+++ INPUT DATA

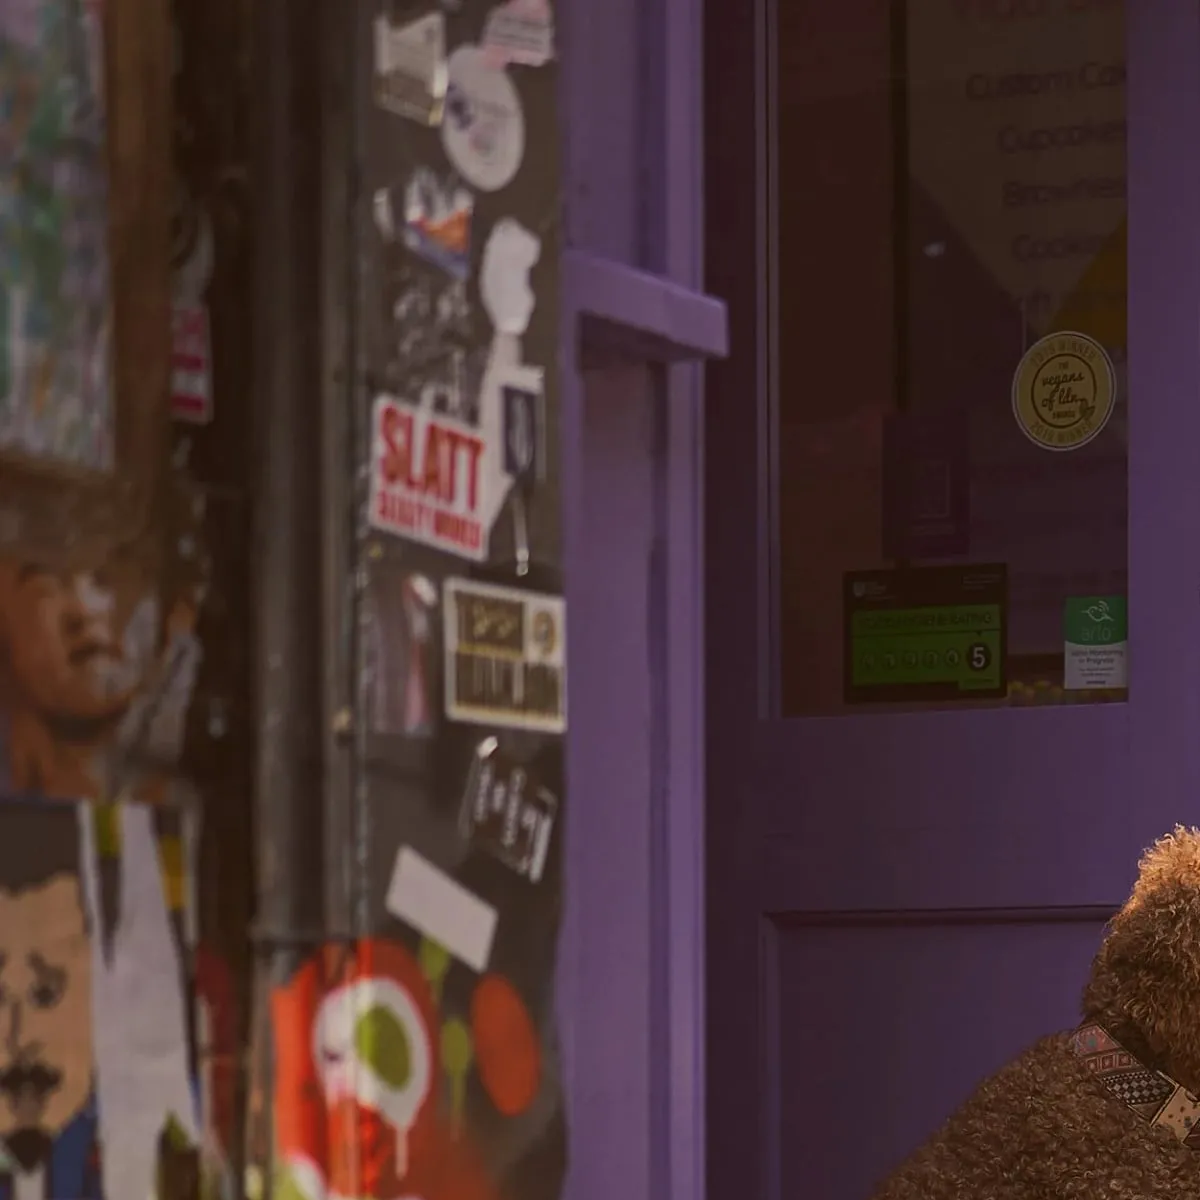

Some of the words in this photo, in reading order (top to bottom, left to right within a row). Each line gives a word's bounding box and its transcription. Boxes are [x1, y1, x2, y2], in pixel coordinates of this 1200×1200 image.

[1042, 372, 1085, 388] vegans
[1042, 387, 1058, 411] of
[380, 406, 485, 511] SLATT
[1081, 623, 1112, 641] arlo
[971, 646, 987, 668] 5

++++++

Output all the data, exactly, without images.

Some of the words in this photo, in reading order (top to bottom, left to right within a row). Each line gives a word's bounding box and its transcription. Boxes are [x1, y1, x2, y2], in pixel coordinates of this 1200×1200 image.

[1042, 372, 1085, 388] vegans
[1042, 387, 1058, 411] of
[380, 406, 485, 511] SLATT
[1081, 623, 1112, 641] arlo
[971, 646, 987, 668] 5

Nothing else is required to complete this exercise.